Red Sox managerial search down to two

Ben CheringtonBy C. Trent Rosecrans

The Red Sox managerial search is down to two, Red Sox general manager Ben Cherington told reporters on Monday. Dale Sveum will meet with the Boston ownership group on Wednesday and another candidate will have a second interview later this week.

Cherington said he'd like a new manager in place before Thanksgiving.

The Red Sox also interviewed Indians bench coach Sandy Alomar Jr., Tigers third base coach Gene Lamont, Blue Jays first base coach Torey Lovullo and Phillies bench coach Pete Mackanin.

Sveum, Mackanin and Alomar also interviewed for the vacant Cubs job.
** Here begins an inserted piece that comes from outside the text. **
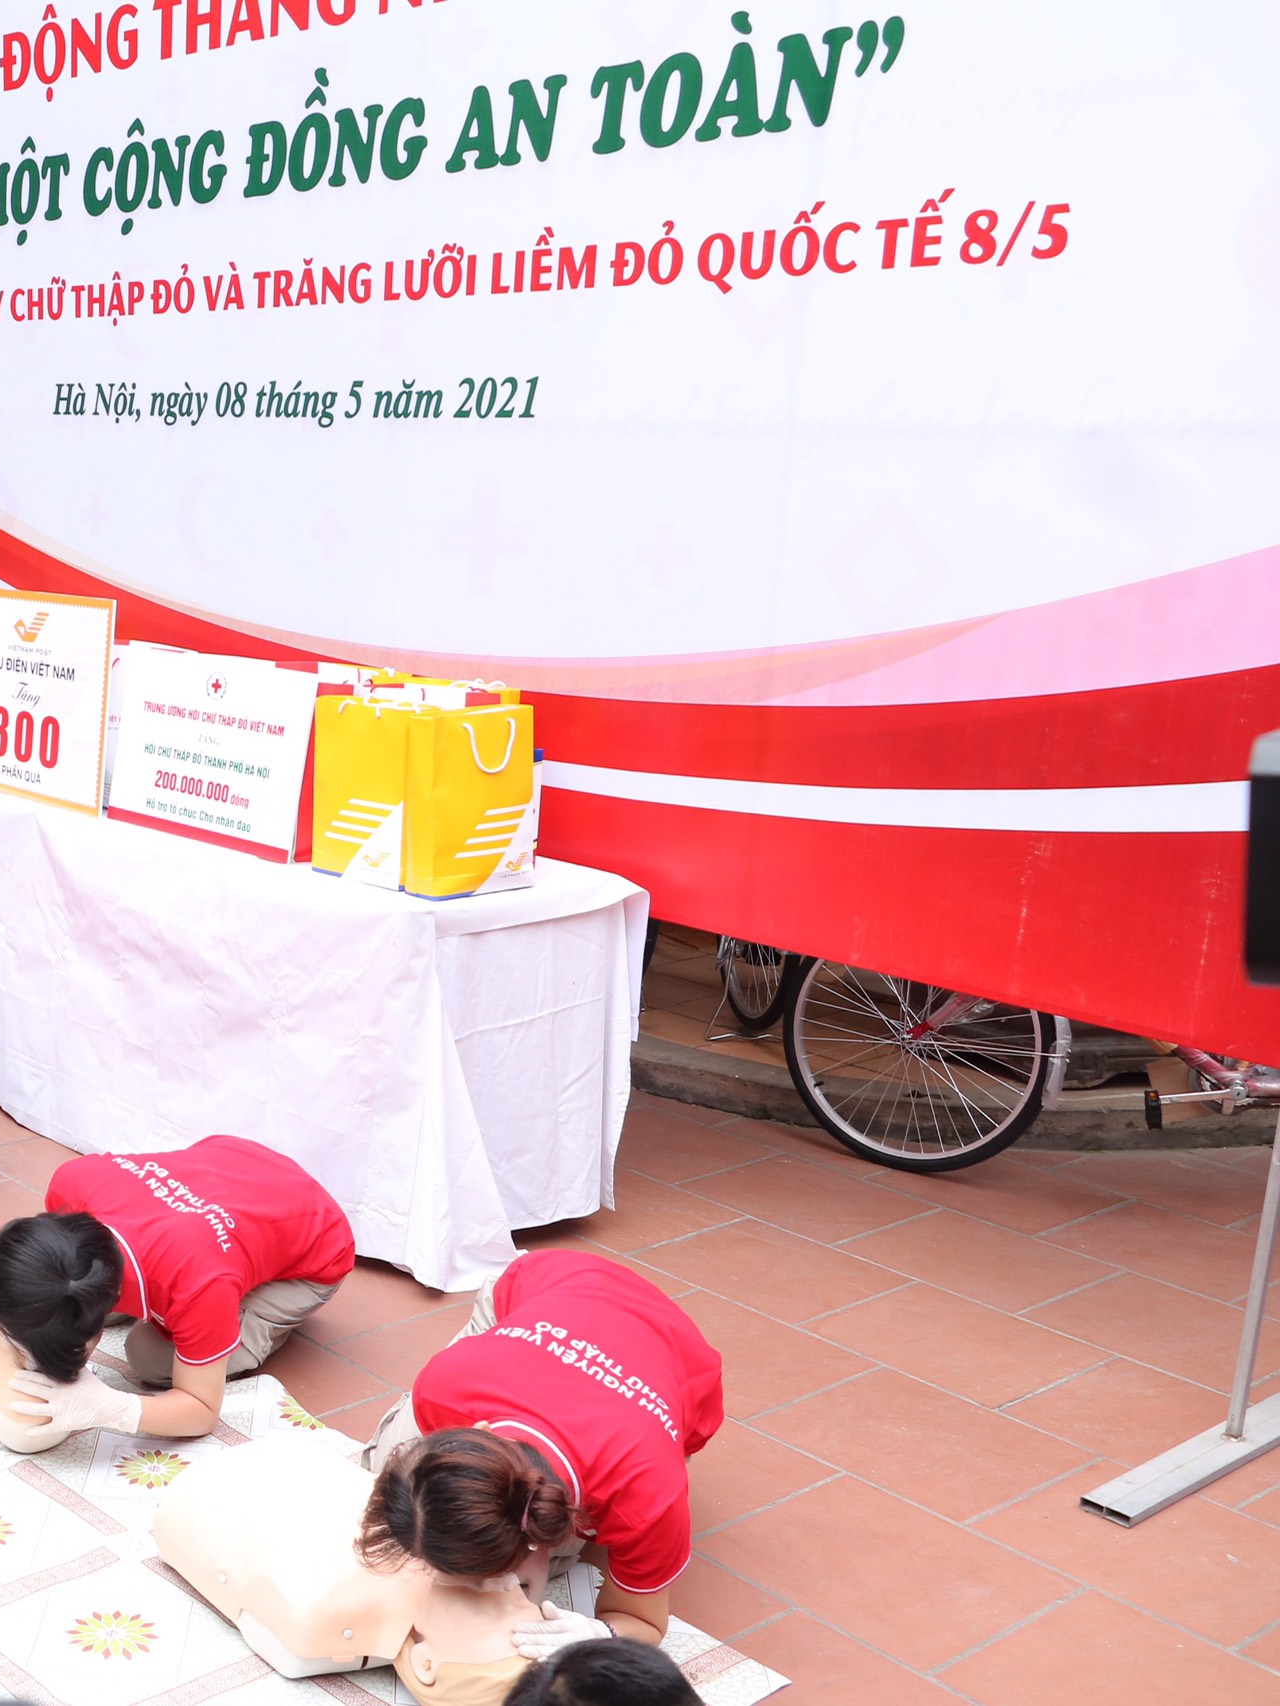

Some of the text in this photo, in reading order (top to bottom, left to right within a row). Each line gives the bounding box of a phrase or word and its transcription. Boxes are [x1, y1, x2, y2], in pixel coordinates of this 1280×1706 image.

Cherington also said the Red Sox compensation talks for Cubs president Theo Epstein may have to be decided by the commissioner's office, despite the two teams receiving an extension to work on it.

"It's not what we need to be doing this offseason," Cherington told reporters (via the Boston Herald.) "I think we'd still like to figure it out on our own, but if we can't, then I think everyone probably needs to move on."

Earlier on Monday, Epstein told Boston radio station WEEI.com that he didn't believe he was worth much to his former team (as far as compensation goes.)

"That's a more existential question," Epstein said. "I know I'm right, because I know my own faults better than Ben does. I know my limitations. I'm just not worth that much. But I'm sure it will work out, one way or the other, in a way that satisfies all the parties involved. The talkers are very amicable. That's the most important thing."